Problem requirements
Copy every entry verbatim and skip the pictures.

/---

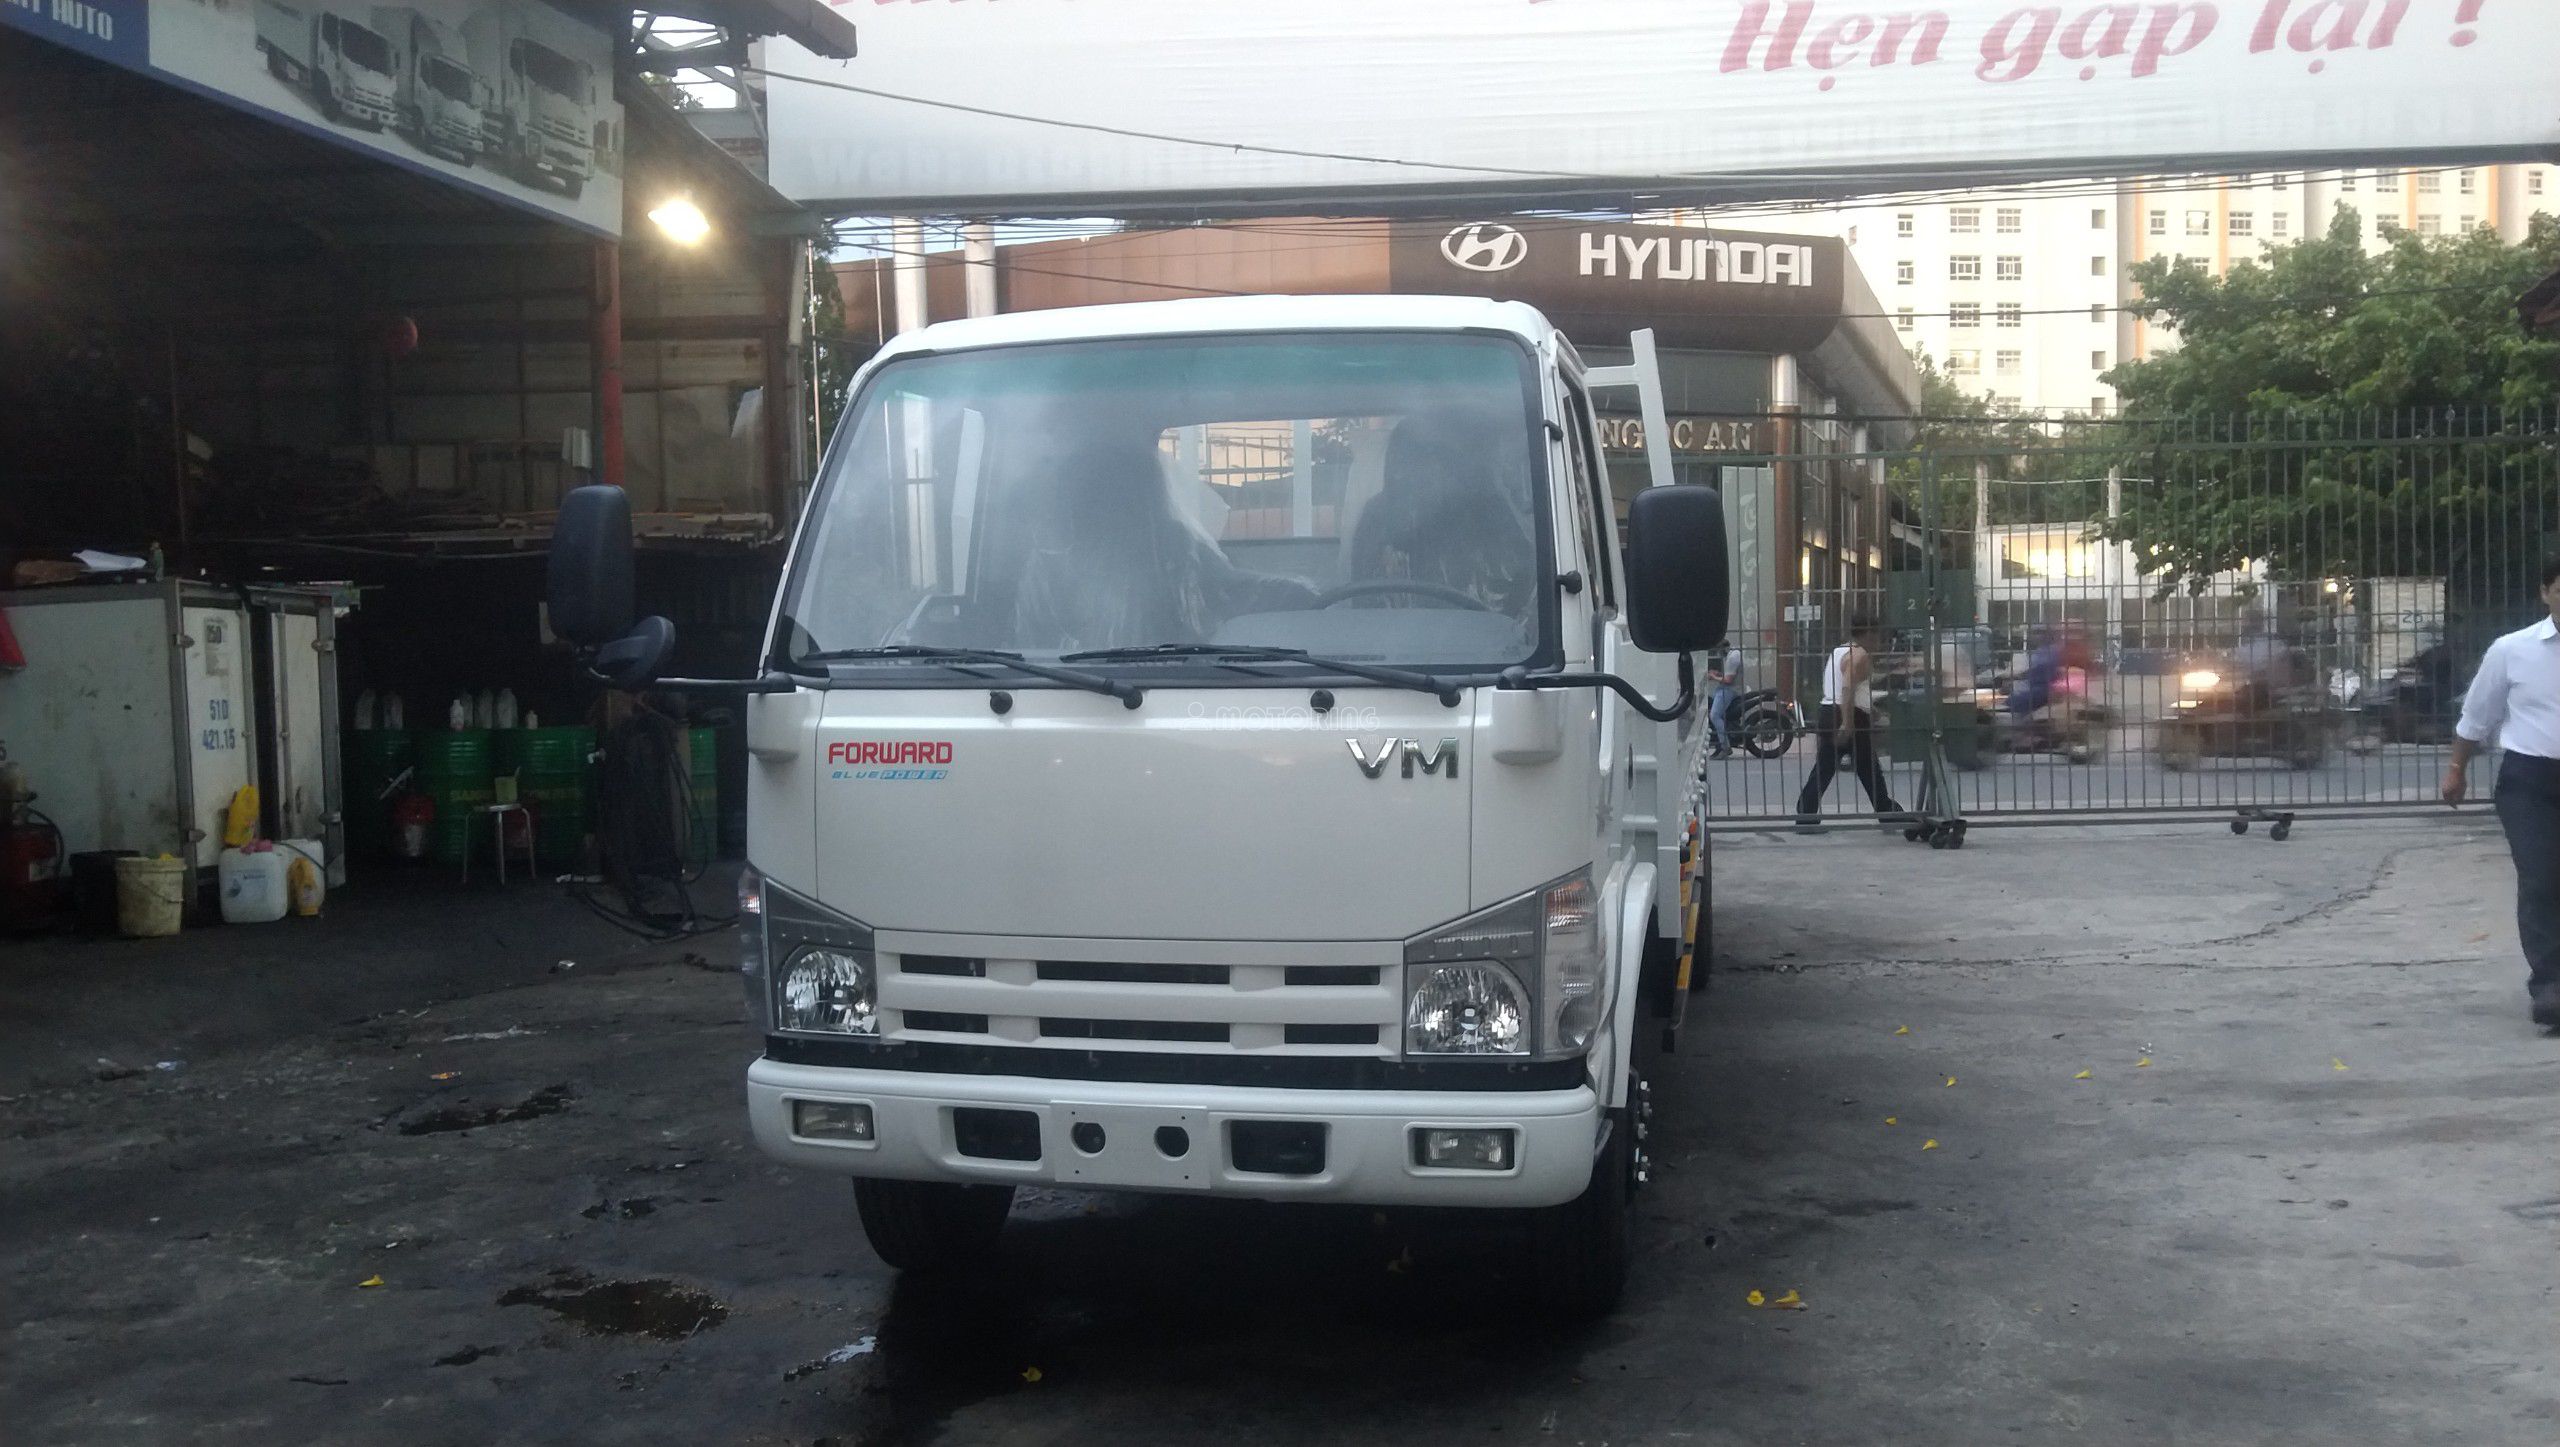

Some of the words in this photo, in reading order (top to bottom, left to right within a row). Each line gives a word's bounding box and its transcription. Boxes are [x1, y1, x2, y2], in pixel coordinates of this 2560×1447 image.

[52, 0, 112, 41] AUTO
[1719, 0, 1951, 92] Hẹn
[1580, 232, 1812, 286] HYUNDAI
[1597, 419, 1693, 449] NGC
[1703, 422, 1752, 450] AN
[828, 741, 953, 765] FORWARD
[1345, 737, 1460, 780] VM
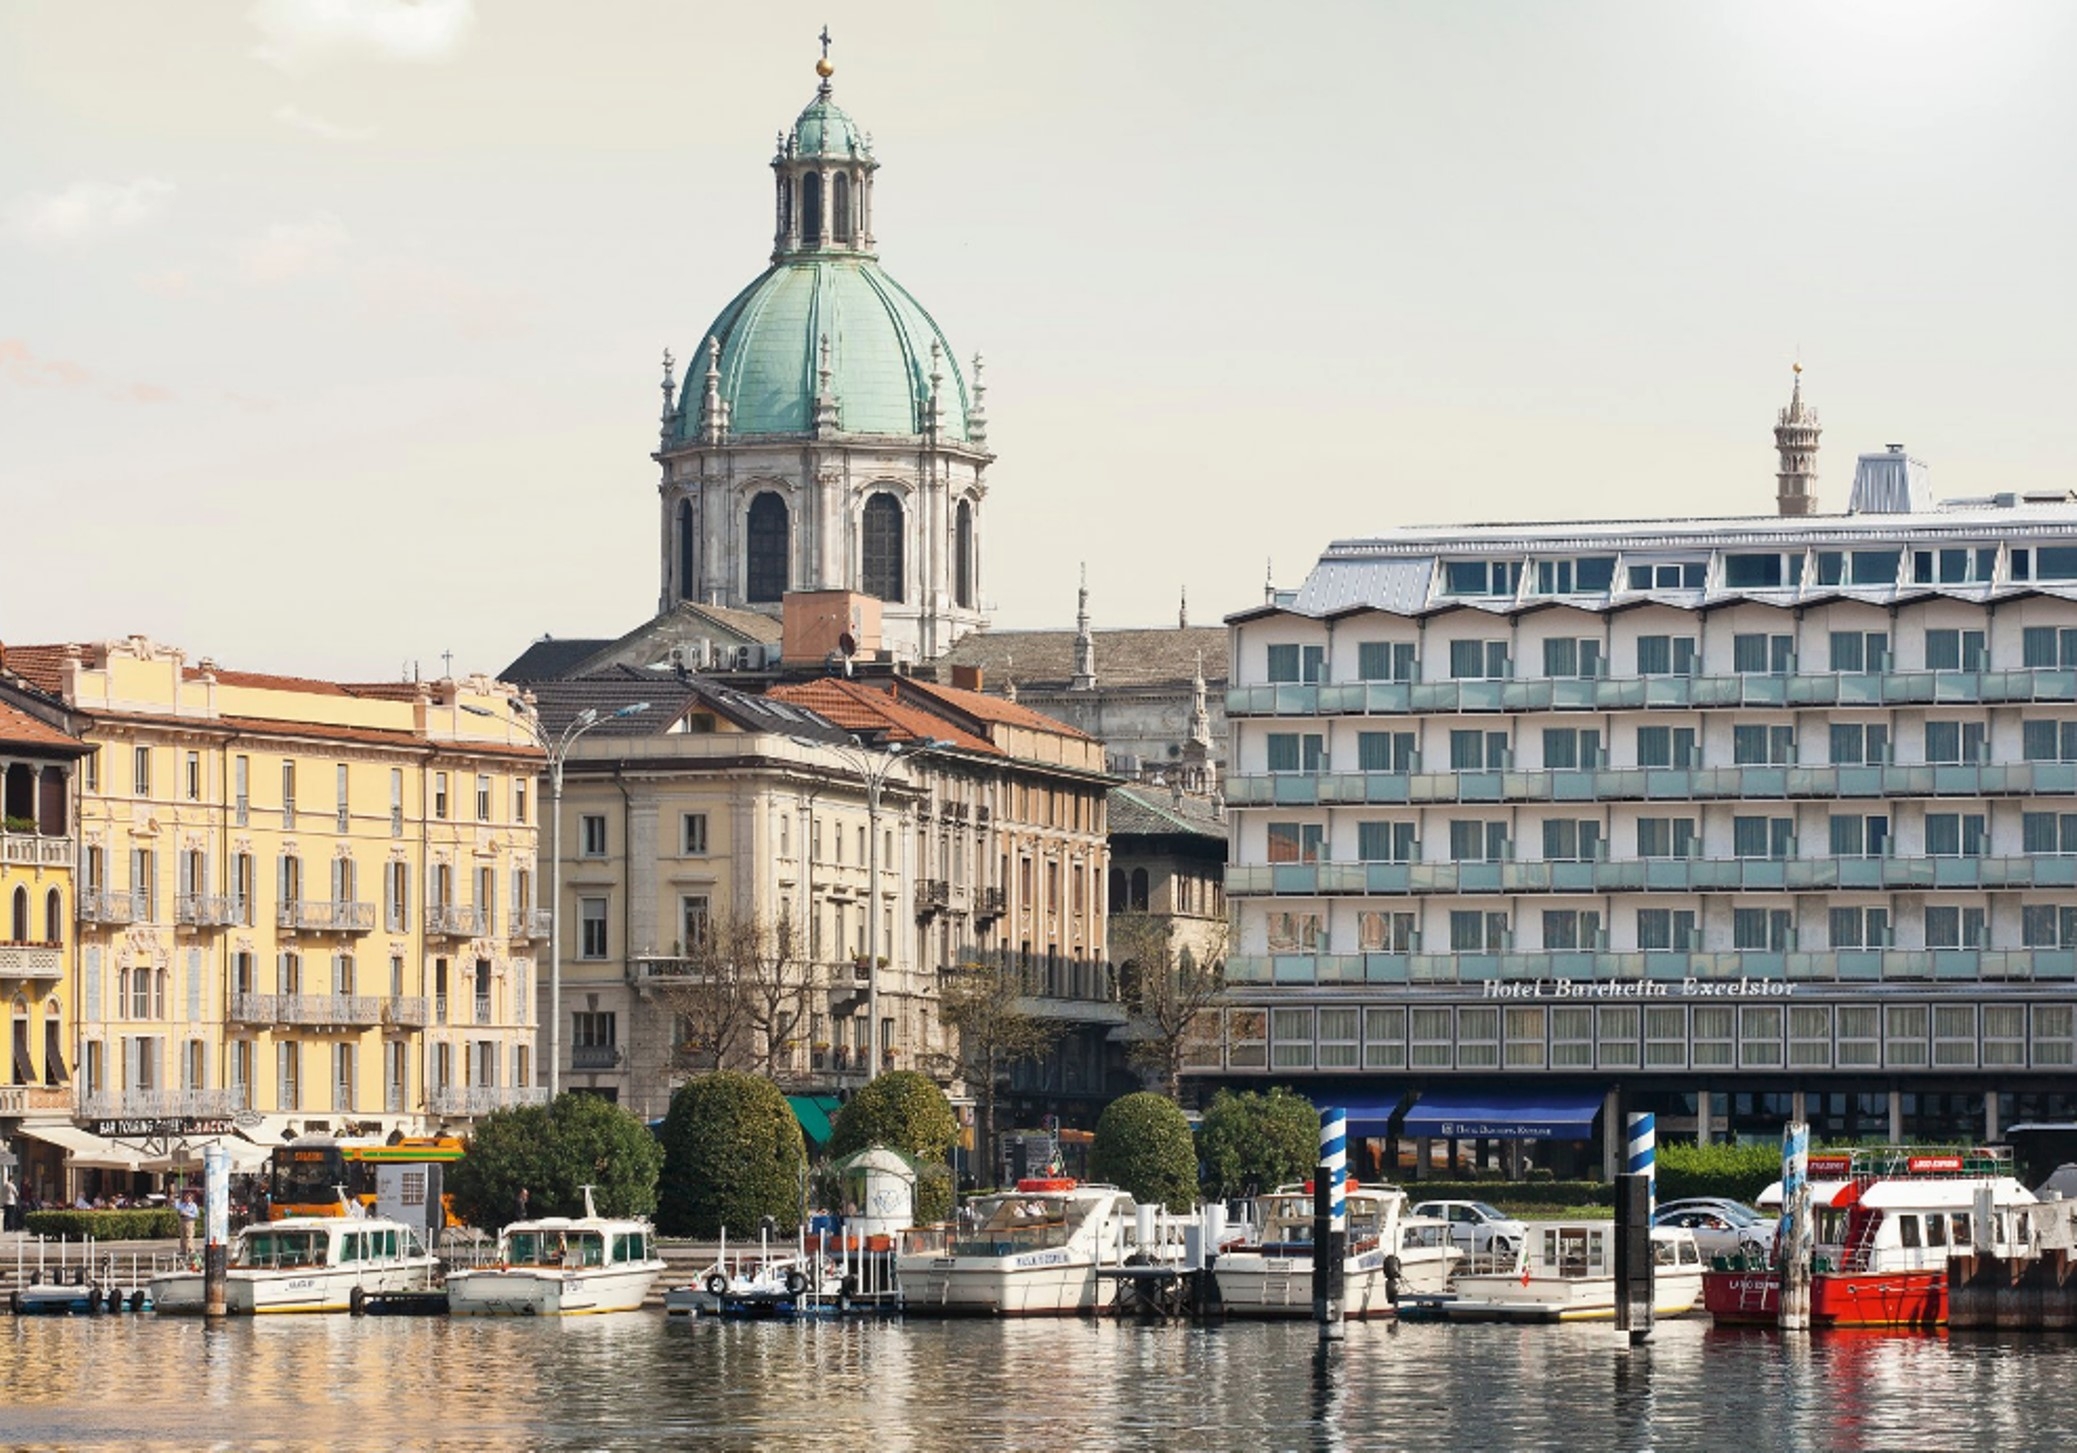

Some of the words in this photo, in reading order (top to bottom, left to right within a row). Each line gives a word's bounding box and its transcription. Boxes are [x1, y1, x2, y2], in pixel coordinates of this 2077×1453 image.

[1482, 978, 1543, 998] Hotel
[1554, 978, 1668, 998] Barchetta
[1681, 977, 1798, 997] Excelsior
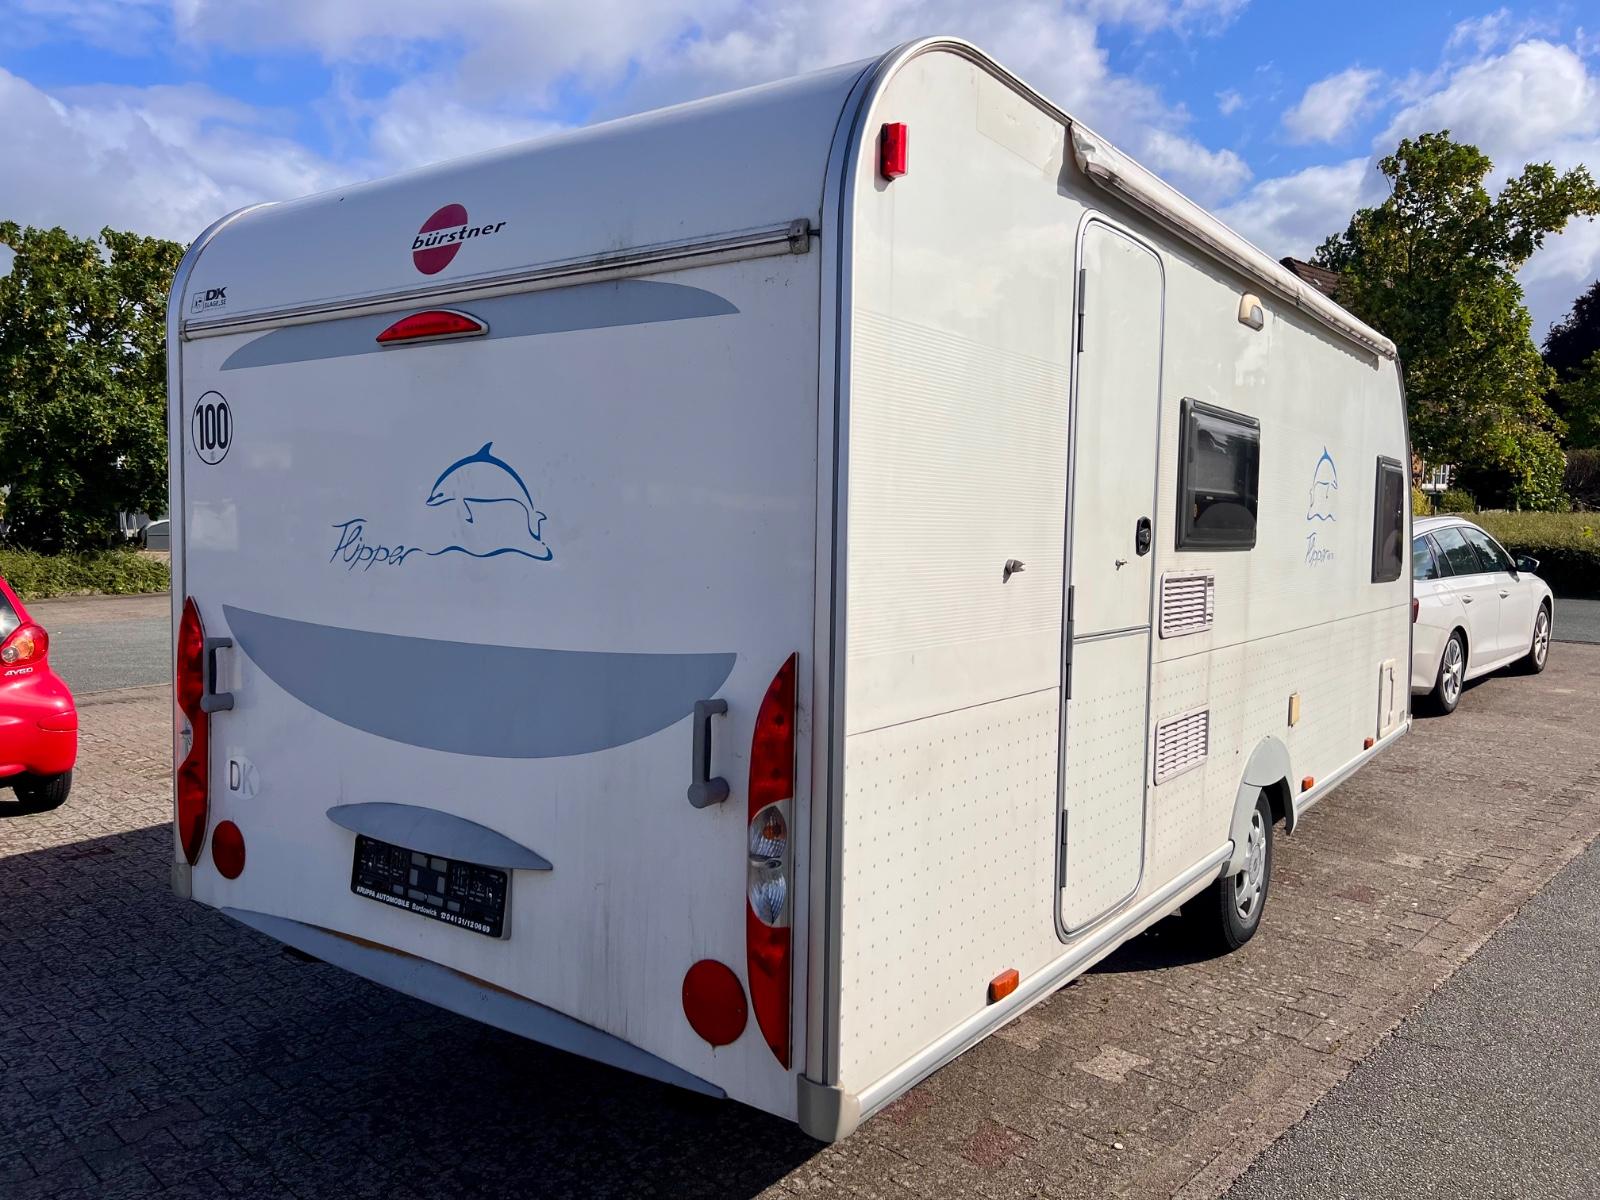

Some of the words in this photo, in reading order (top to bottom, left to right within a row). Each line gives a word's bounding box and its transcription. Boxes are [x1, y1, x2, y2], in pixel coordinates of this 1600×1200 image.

\---

Answer for the task
Some of the words in this photo, in reading order (top to bottom, left to right within a row). Each line gives a word's bounding box and its transcription. Boxes are [x1, y1, x2, y2], in pixel coordinates of this 2560×1447 image.

[52, 0, 112, 41] AUTO
[1719, 0, 1951, 92] Hẹn
[1580, 232, 1812, 286] HYUNDAI
[1597, 419, 1693, 449] NGC
[1703, 422, 1752, 450] AN
[828, 741, 953, 765] FORWARD
[1345, 737, 1460, 780] VM

Some of the words in this photo, in reading order (top to bottom, left to right within a row). Each line gives a word's bounding box and its transcription. Boxes are [x1, y1, x2, y2], in pixel coordinates of this 2077×1453 image.

[1482, 978, 1543, 998] Hotel
[1554, 978, 1668, 998] Barchetta
[1681, 977, 1798, 997] Excelsior

Some of the words in this photo, in reading order (top to bottom, left to right within a row). Each line gives a word's bounding box and its transcription. Boxes are [x1, y1, x2, y2], in pixel coordinates of this 1600×1200 image.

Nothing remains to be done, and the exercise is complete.